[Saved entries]
┌──
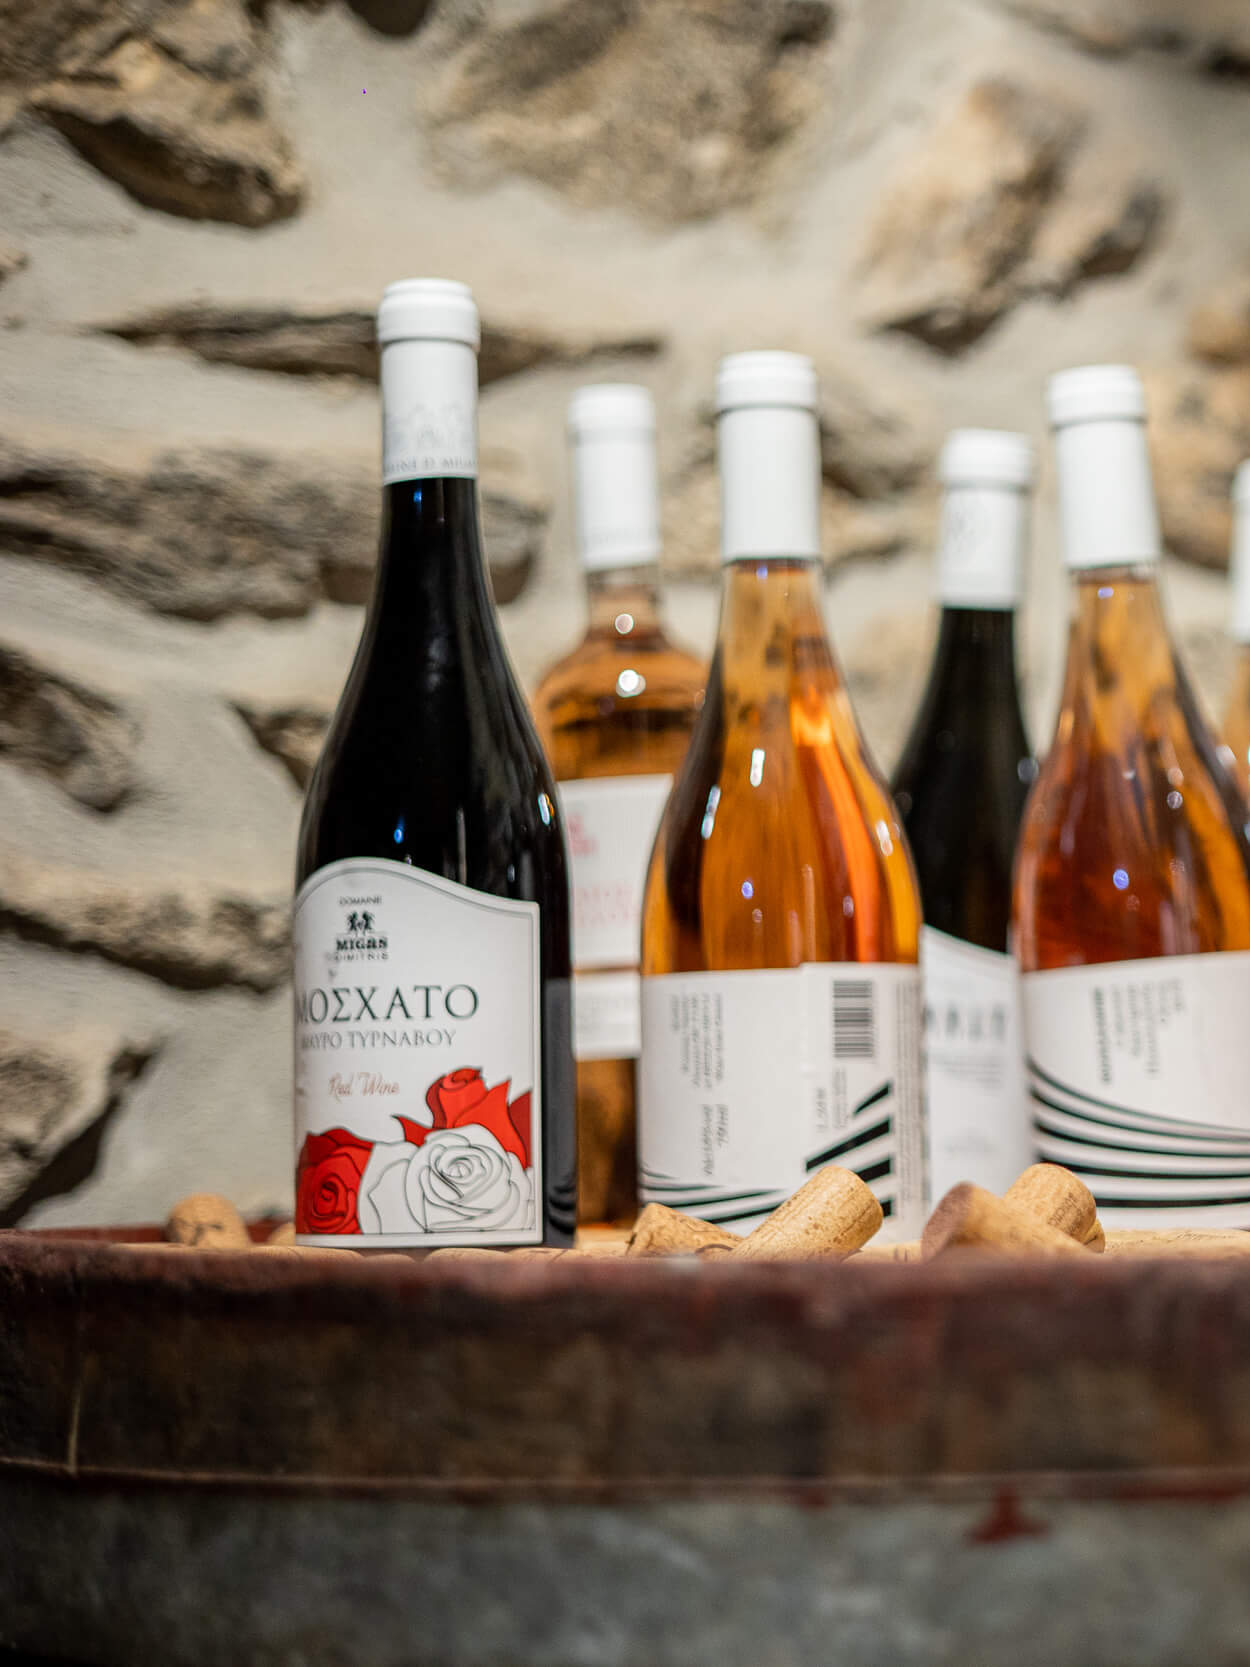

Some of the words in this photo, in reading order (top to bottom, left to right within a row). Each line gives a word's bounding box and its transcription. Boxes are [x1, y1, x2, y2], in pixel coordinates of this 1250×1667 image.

[347, 1028, 457, 1049] ΤΥΡΝΑΒΟΥ
[328, 1072, 354, 1102] Red
[358, 1071, 400, 1096] Wine
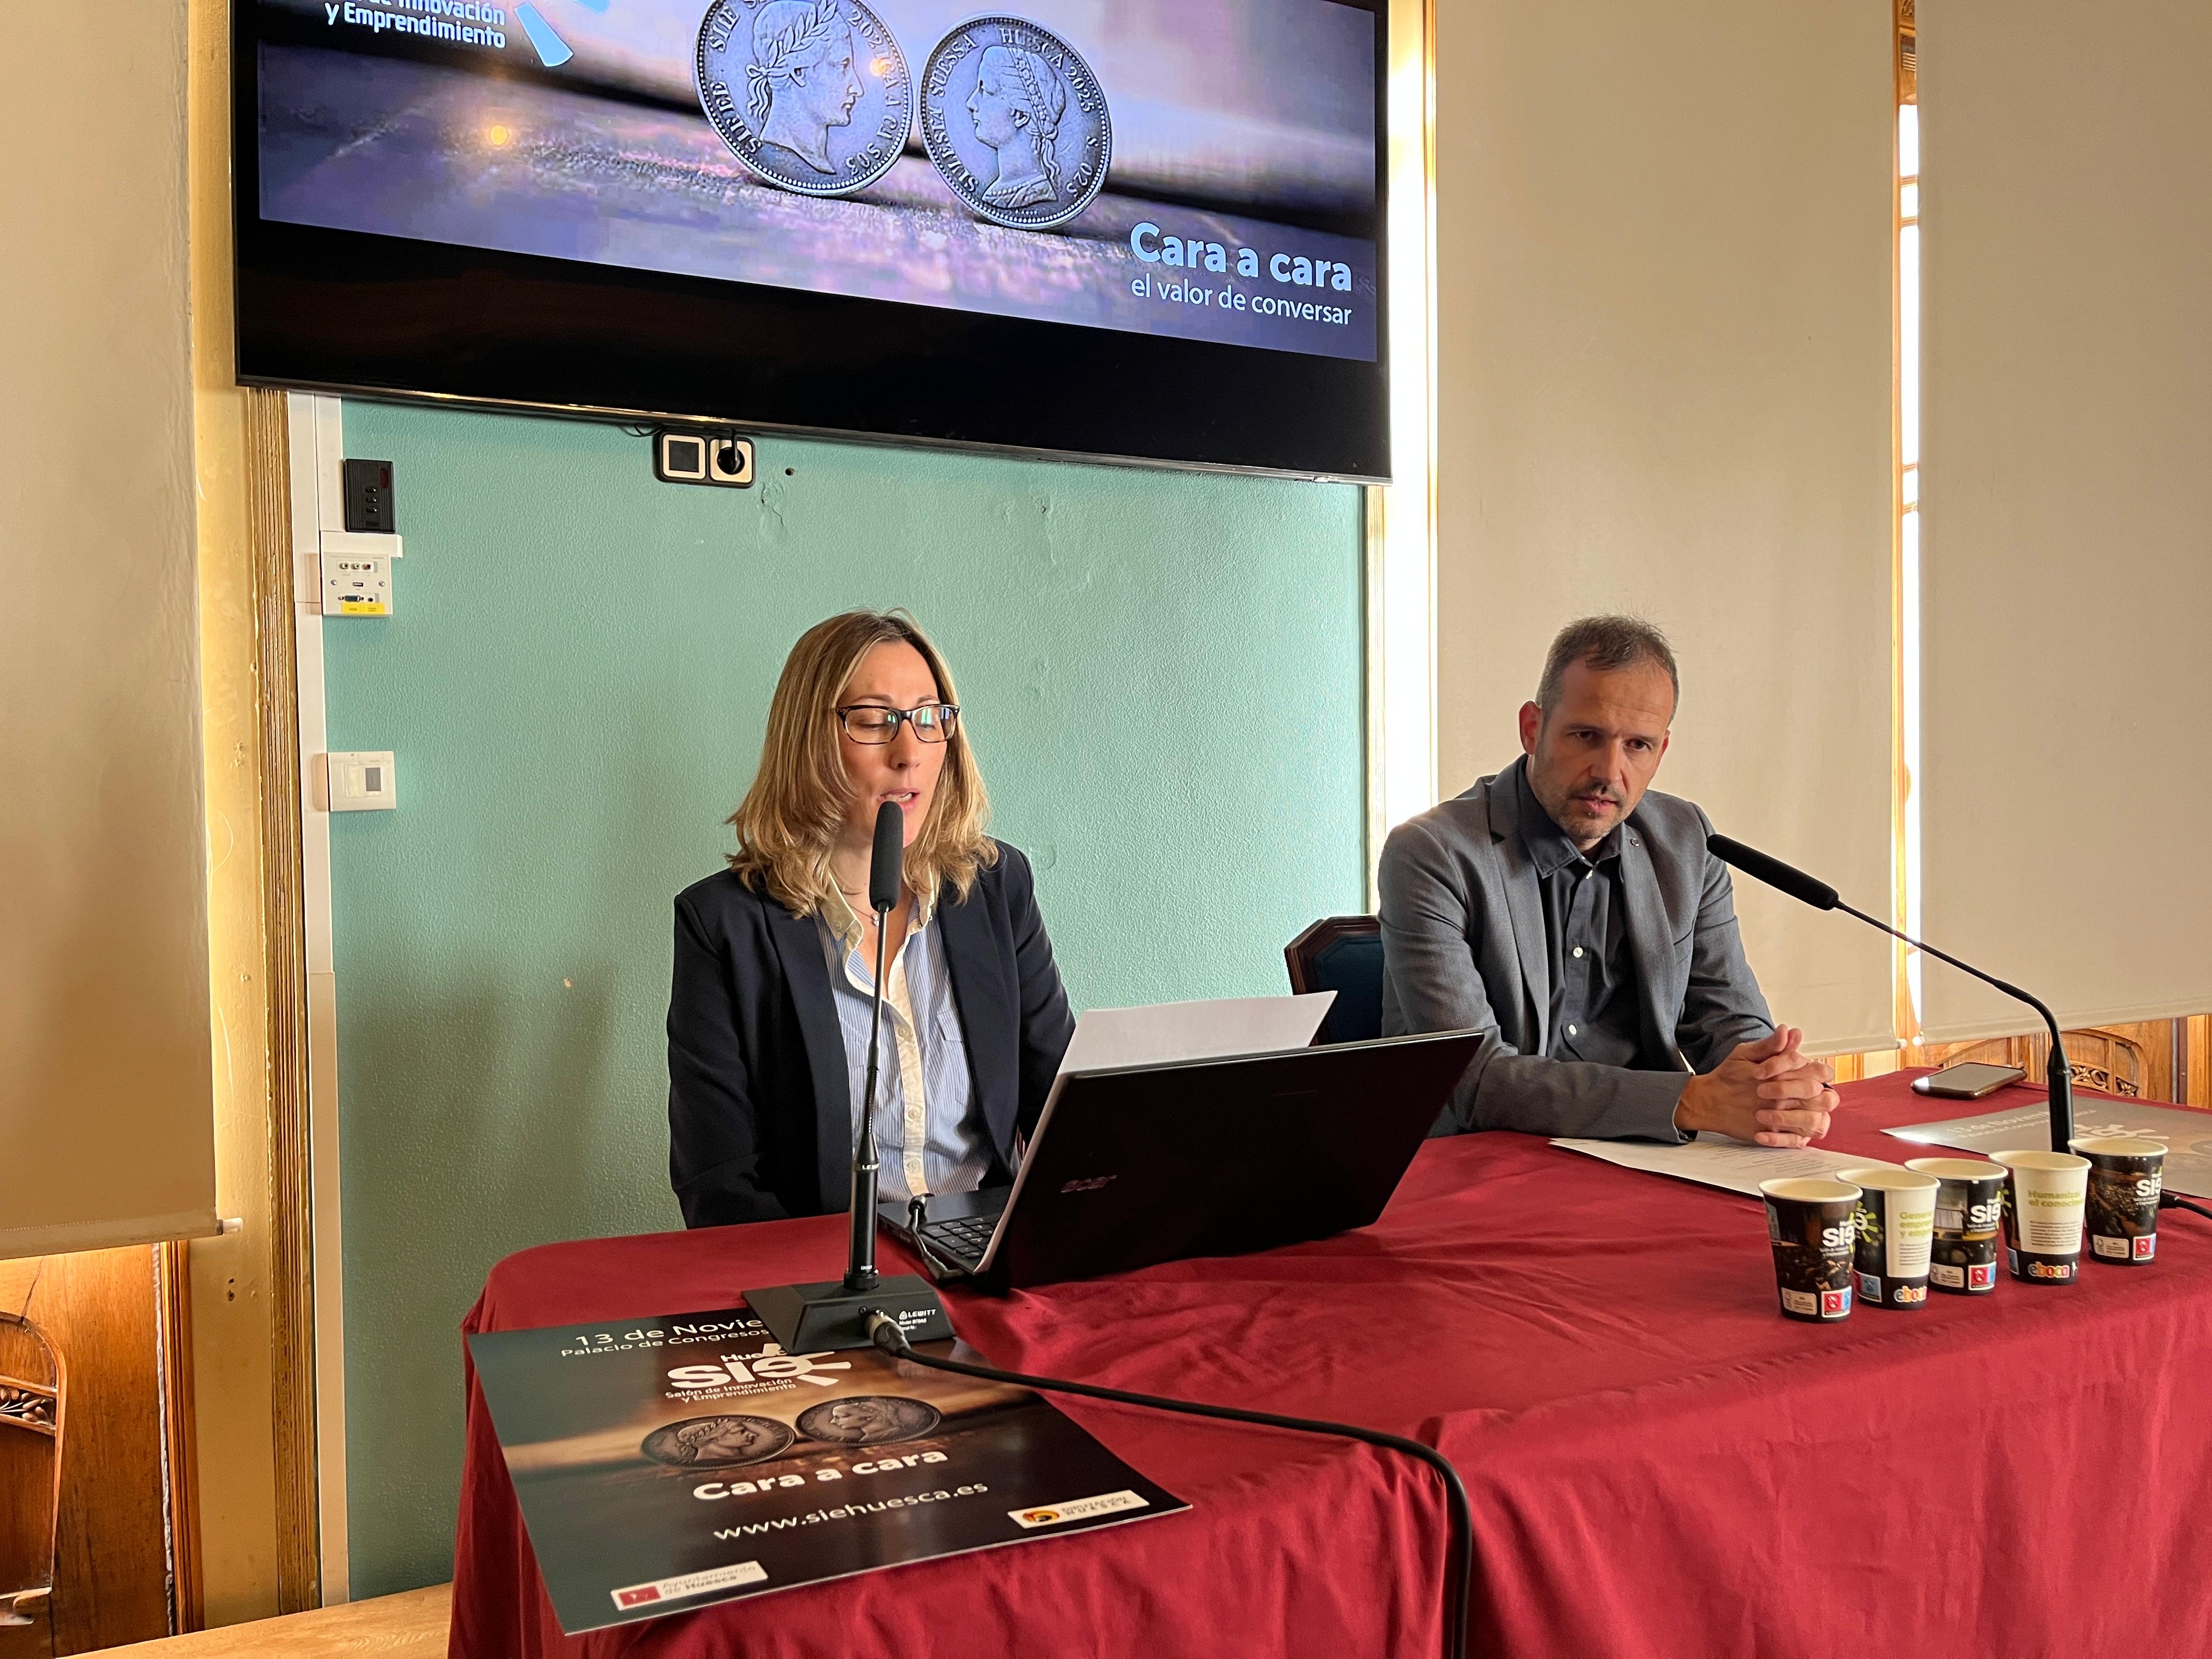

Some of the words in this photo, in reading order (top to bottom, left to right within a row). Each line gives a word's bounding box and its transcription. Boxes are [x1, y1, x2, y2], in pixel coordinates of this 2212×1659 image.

[324, 2, 340, 25] y
[344, 2, 506, 48] Emprendimiento
[1130, 222, 1227, 273] Cara
[1237, 247, 1259, 278] a
[1269, 253, 1352, 292] cara
[1131, 273, 1150, 298] el
[1157, 279, 1212, 306] valor
[1218, 285, 1246, 311] de
[1251, 296, 1352, 325] conversar
[1061, 1175, 1118, 1193] acer
[908, 1309, 936, 1318] LEWITT
[561, 1344, 633, 1357] Palacio
[638, 1339, 663, 1347] de
[668, 1329, 769, 1344] Congresos
[575, 1334, 614, 1346] 13
[624, 1329, 665, 1340] de
[672, 1319, 764, 1335] Novie
[665, 1389, 704, 1398] Salón
[723, 1378, 793, 1392] Innovación
[692, 1384, 797, 1401] Emprendimiento
[693, 1473, 805, 1500] Cara
[815, 1468, 843, 1482] a
[851, 1450, 949, 1475] cara
[713, 1482, 988, 1540] www.siehuesca.es
└──
A faithful copy of all the data above is required, printed exactly and with no pictures.

Some of the words in this photo, in reading order (top to bottom, left to right within a row). Each line gives a word's bounding box and its transcription. Boxes are [x1, y1, x2, y2], in pixel coordinates of this 1250×1667 image.

[347, 1028, 457, 1049] ΤΥΡΝΑΒΟΥ
[328, 1072, 354, 1102] Red
[358, 1071, 400, 1096] Wine

Some of the words in this photo, in reading order (top to bottom, left to right within a row). Each line gives a word's bounding box and its transcription. Boxes are [x1, y1, x2, y2], in pixel coordinates of this 2212×1659 image.

[324, 2, 340, 25] y
[344, 2, 506, 48] Emprendimiento
[1130, 222, 1227, 273] Cara
[1237, 247, 1259, 278] a
[1269, 253, 1352, 292] cara
[1131, 273, 1150, 298] el
[1157, 279, 1212, 306] valor
[1218, 285, 1246, 311] de
[1251, 296, 1352, 325] conversar
[1061, 1175, 1118, 1193] acer
[908, 1309, 936, 1318] LEWITT
[561, 1344, 633, 1357] Palacio
[638, 1339, 663, 1347] de
[668, 1329, 769, 1344] Congresos
[575, 1334, 614, 1346] 13
[624, 1329, 665, 1340] de
[672, 1319, 764, 1335] Novie
[665, 1389, 704, 1398] Salón
[723, 1378, 793, 1392] Innovación
[692, 1384, 797, 1401] Emprendimiento
[693, 1473, 805, 1500] Cara
[815, 1468, 843, 1482] a
[851, 1450, 949, 1475] cara
[713, 1482, 988, 1540] www.siehuesca.es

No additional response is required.